[Stored items from a collection]
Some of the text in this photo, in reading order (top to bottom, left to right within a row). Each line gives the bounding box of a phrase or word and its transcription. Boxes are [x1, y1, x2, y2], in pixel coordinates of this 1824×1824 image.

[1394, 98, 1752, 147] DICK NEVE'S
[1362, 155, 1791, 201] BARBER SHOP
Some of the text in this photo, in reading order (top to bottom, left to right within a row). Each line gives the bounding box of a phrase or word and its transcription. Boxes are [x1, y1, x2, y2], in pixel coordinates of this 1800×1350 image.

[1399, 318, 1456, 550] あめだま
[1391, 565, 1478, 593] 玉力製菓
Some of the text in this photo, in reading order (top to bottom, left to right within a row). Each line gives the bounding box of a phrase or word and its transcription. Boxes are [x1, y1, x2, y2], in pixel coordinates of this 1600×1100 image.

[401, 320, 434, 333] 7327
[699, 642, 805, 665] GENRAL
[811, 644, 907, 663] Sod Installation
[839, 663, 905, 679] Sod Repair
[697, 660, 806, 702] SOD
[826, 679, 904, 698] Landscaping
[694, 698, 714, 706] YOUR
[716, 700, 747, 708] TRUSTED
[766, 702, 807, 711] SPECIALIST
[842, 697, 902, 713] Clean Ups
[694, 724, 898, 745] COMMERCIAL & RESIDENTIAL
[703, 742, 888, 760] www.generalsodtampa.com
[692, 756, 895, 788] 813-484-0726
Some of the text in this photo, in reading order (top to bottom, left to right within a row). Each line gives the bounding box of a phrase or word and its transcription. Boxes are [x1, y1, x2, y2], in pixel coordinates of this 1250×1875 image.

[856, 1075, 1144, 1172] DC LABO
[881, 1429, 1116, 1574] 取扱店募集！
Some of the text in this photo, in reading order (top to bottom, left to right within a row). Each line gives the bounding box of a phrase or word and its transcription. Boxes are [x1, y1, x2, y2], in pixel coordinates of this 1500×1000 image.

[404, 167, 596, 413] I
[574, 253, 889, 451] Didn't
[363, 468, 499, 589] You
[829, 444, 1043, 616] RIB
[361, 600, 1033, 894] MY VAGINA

WORK INSTRUCTION »
Set down exactly the line with "this 1500×1000 image." and each line after it up to the end of the records, adding nothing.

WRITTEN ANSWER »
Some of the text in this photo, in reading order (top to bottom, left to right within a row). Each line gives the bounding box of a phrase or word and its transcription. Boxes are [x1, y1, x2, y2], in pixel coordinates of this 1500×1000 image.

[404, 167, 596, 413] I
[574, 253, 889, 451] Didn't
[363, 468, 499, 589] You
[829, 444, 1043, 616] RIB
[361, 600, 1033, 894] MY VAGINA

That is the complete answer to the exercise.